[Text-to-region grounding data]
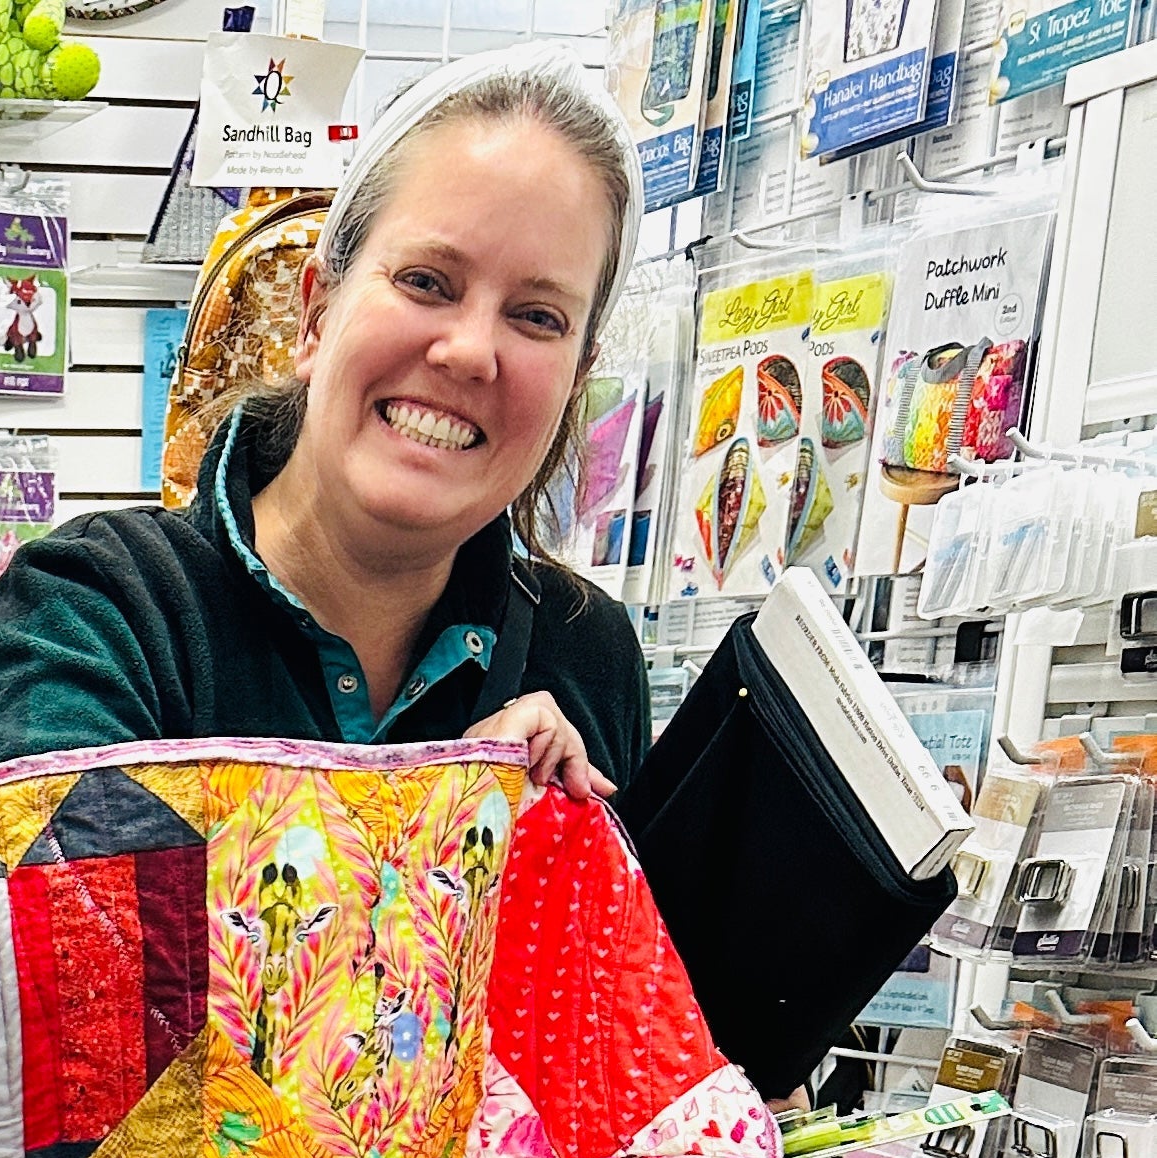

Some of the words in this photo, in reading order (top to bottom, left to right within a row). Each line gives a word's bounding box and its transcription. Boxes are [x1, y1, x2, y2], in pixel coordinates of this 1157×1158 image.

[1047, 6, 1091, 38] Tropez
[823, 81, 864, 109] Hanalei
[869, 61, 922, 92] Handbag
[222, 125, 280, 142] Sandhill
[284, 127, 312, 148] Bag
[674, 134, 692, 156] Bag
[226, 166, 246, 175] Made
[248, 166, 258, 176] by
[926, 247, 1007, 280] Patchwork
[924, 285, 969, 311] Duffle
[971, 282, 1000, 302] Mini
[719, 296, 758, 334] Lazy
[755, 287, 794, 329] Girl
[820, 290, 864, 331] Girl
[743, 340, 768, 356] PODS
[875, 739, 890, 758] Drive
[950, 735, 972, 749] Tote

* [Problem description]: From the first line to the last, repeat the records exactly and skip the pictures.

* [Solved problem]:
Some of the words in this photo, in reading order (top to bottom, left to right within a row). Each line gives a word's bounding box and its transcription. Boxes are [x1, y1, x2, y2], in pixel coordinates of this 1157×1158 image.

[1047, 6, 1091, 38] Tropez
[823, 81, 864, 109] Hanalei
[869, 61, 922, 92] Handbag
[222, 125, 280, 142] Sandhill
[284, 127, 312, 148] Bag
[674, 134, 692, 156] Bag
[226, 166, 246, 175] Made
[248, 166, 258, 176] by
[926, 247, 1007, 280] Patchwork
[924, 285, 969, 311] Duffle
[971, 282, 1000, 302] Mini
[719, 296, 758, 334] Lazy
[755, 287, 794, 329] Girl
[820, 290, 864, 331] Girl
[743, 340, 768, 356] PODS
[875, 739, 890, 758] Drive
[950, 735, 972, 749] Tote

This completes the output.